> **Exercise aim**
Make an exact copy of the entries below with the pictures removed.

+++ Records for the exercise

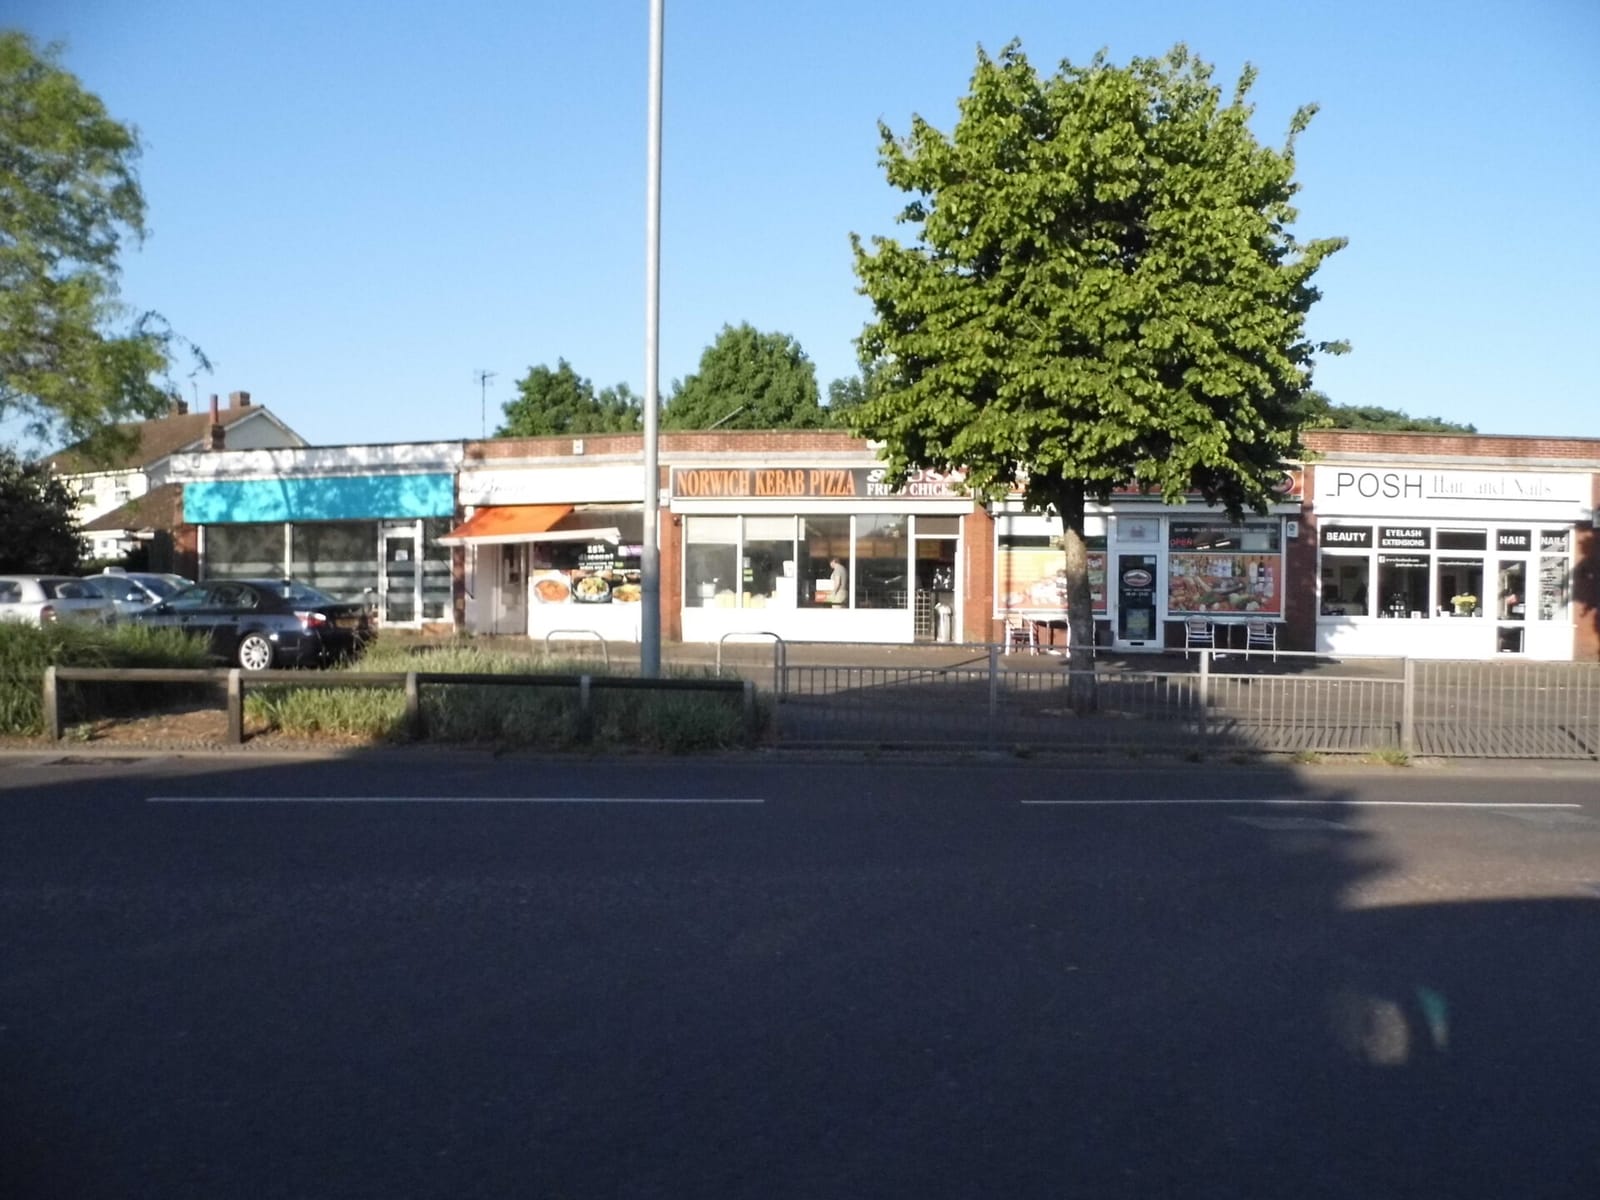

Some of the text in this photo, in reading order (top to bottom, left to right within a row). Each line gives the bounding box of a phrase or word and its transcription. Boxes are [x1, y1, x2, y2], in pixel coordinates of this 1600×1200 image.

[677, 470, 856, 496] NORWICH KEBAB PIZZA
[1337, 472, 1552, 498] POSH Hair and Nails
[867, 483, 907, 496] FRID
[1326, 532, 1366, 542] BEAUTY
[1385, 529, 1422, 538] EYELASH
[1382, 538, 1425, 547] EXTENSIONS
[1499, 536, 1526, 545] HAIR
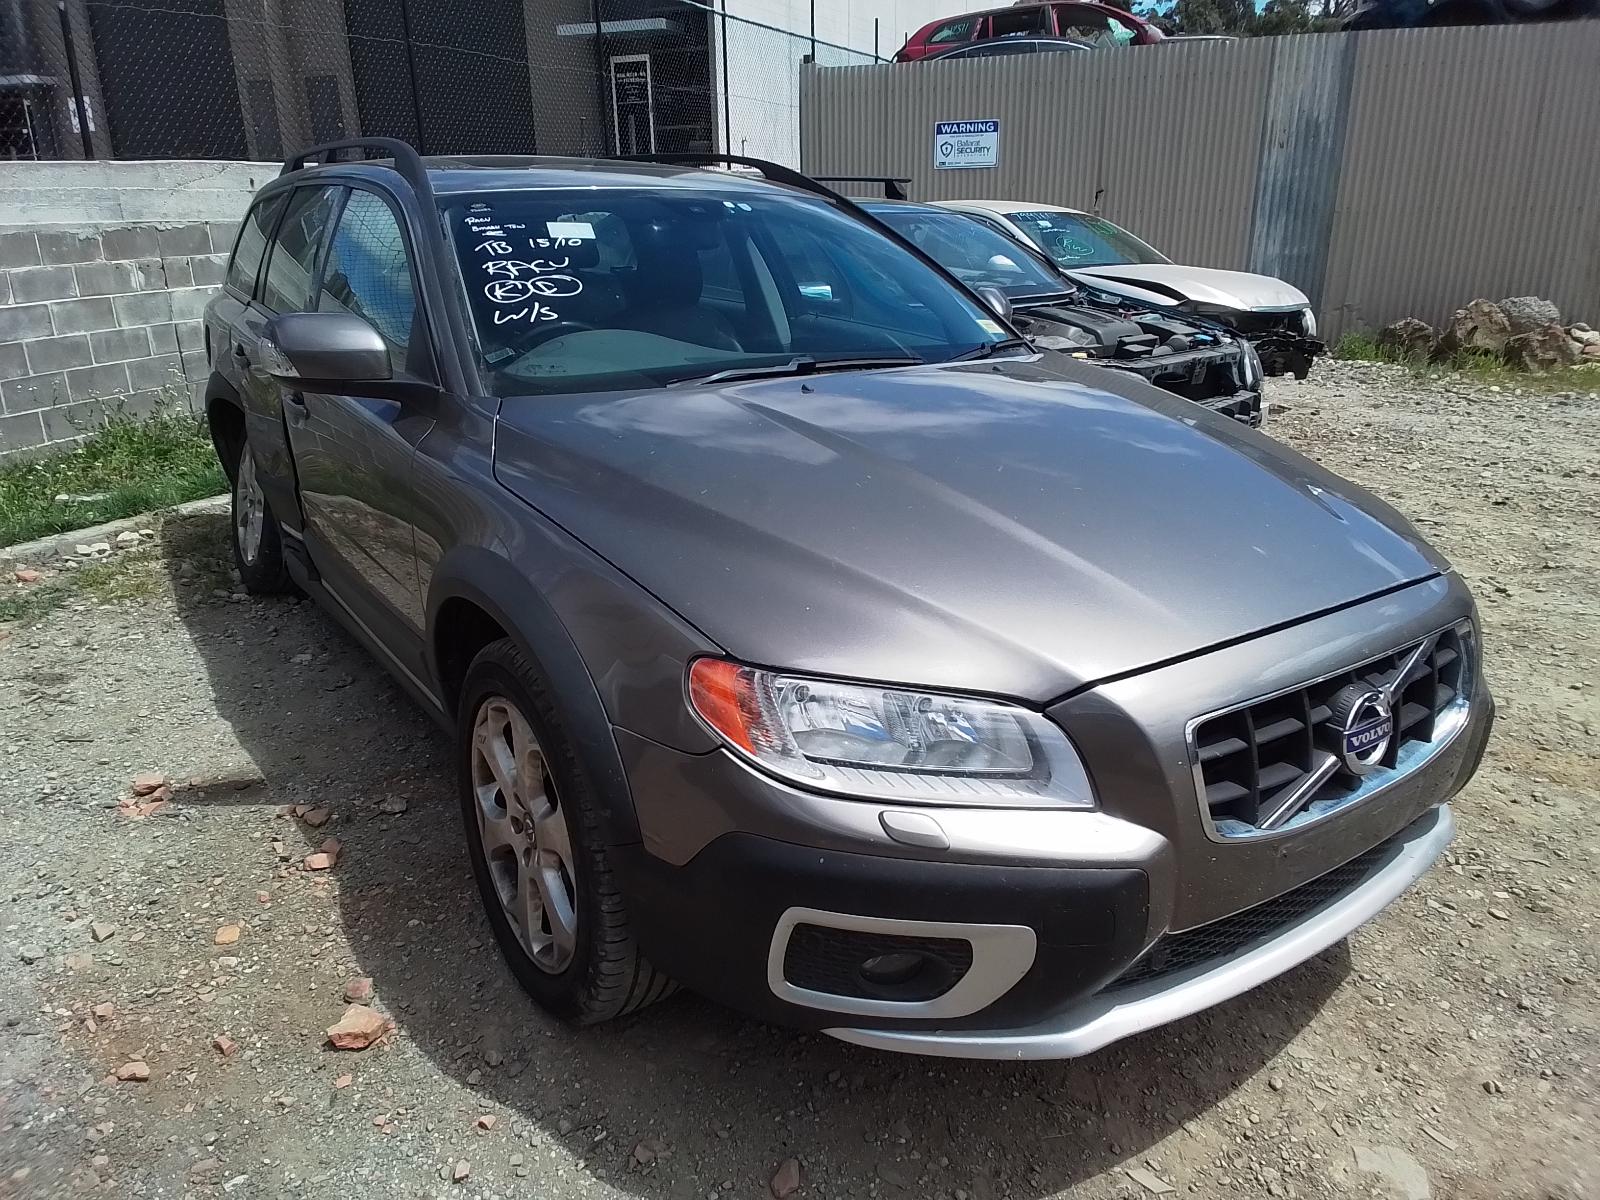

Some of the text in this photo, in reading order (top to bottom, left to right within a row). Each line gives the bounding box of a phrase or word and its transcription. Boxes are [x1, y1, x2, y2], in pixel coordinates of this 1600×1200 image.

[941, 122, 995, 133] WARNING
[956, 146, 991, 154] SECURITY
[474, 237, 582, 256] TB 15/10
[493, 302, 558, 325] W/S
[1350, 722, 1391, 747] VOLVO

++++++

> **Response to this exercise**
Some of the text in this photo, in reading order (top to bottom, left to right within a row). Each line gives the bounding box of a phrase or word and its transcription. Boxes are [x1, y1, x2, y2], in pixel coordinates of this 1600×1200 image.

[677, 470, 856, 496] NORWICH KEBAB PIZZA
[1337, 472, 1552, 498] POSH Hair and Nails
[867, 483, 907, 496] FRID
[1326, 532, 1366, 542] BEAUTY
[1385, 529, 1422, 538] EYELASH
[1382, 538, 1425, 547] EXTENSIONS
[1499, 536, 1526, 545] HAIR

Some of the text in this photo, in reading order (top to bottom, left to right within a row). Each line gives the bounding box of a phrase or word and its transcription. Boxes are [x1, y1, x2, y2], in pixel coordinates of this 1600×1200 image.

[941, 122, 995, 133] WARNING
[956, 146, 991, 154] SECURITY
[474, 237, 582, 256] TB 15/10
[493, 302, 558, 325] W/S
[1350, 722, 1391, 747] VOLVO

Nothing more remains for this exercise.